Seventh-day Adventist Church leaders this month are turning their attention to a new school year, and they’re not alone.

Committees are meeting, and boards are busy caring for physical plants and the needs of faculty they supervise. Parents are strategizing how they can work out tuition costs. And teachers are getting ready for that first day of the new school year.

It’s a team effort of home, school, and Church. From youngest to oldest, everyone is—and should be—involved.

Our Lifeblood

The lifeblood of our Church is in its educational system. Other Sabbathkeeping denominations have appeared on the scene, only to fade out, partly because they did not have educational programs.

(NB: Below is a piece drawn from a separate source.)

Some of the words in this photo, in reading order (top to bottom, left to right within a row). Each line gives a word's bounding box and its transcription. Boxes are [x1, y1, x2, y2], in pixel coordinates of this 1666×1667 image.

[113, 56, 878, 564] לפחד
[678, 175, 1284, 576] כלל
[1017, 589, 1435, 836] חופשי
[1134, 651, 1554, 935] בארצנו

But our schools cannot substitute for home training. Parents set the pattern, and youngsters reflect their attitudes. Parents, do not expect our schools to be able to supply all the values and character training your children need. The school will build on the foundations you have set in the home. Remember, it takes a team.

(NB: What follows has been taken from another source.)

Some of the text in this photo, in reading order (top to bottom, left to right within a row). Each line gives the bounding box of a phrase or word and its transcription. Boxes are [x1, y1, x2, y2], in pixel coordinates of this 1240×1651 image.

Counsel from Ellen White is clear: “Establish church schools. Give your children the word of God as the foundation of all their education” (6 Testimonies, 195).

If we want our children to be able to cope with the stresses and conflicts of life in the 21st century, we are compelled to teach them that there is an Anchor—one educator called it a “North Star.”

We know the "North Star" is none other than Jesus (John l4: 6). Public education more and more teaches that absolute standards by which right and wrong can be established are to be discouraged—that everything is relative.

But true education develops standards and goals that harmonize with the teachings and values laid down in God’s holy word. “Our Adventist schools are the Lord’s instrumentality to fit the children and youth for missionary work" (White, Counsels to Parents, Teachers, and Students, l49).

If you have doubts about Adventist education, or are debating its value, take note of the following by Ellen White: “Our institutions of learning may swing into worldly conformity. Step by step they may advance to the world; but they are prisoners of hope, and God will correct and enlighten them, and bring them back to their upright position of distinction from the world” (Fundamentals of Christian Education, 290).

“The education and training of their children to be Christians is the highest service that parents can render to God” (Christ’s Object Lessons, l95).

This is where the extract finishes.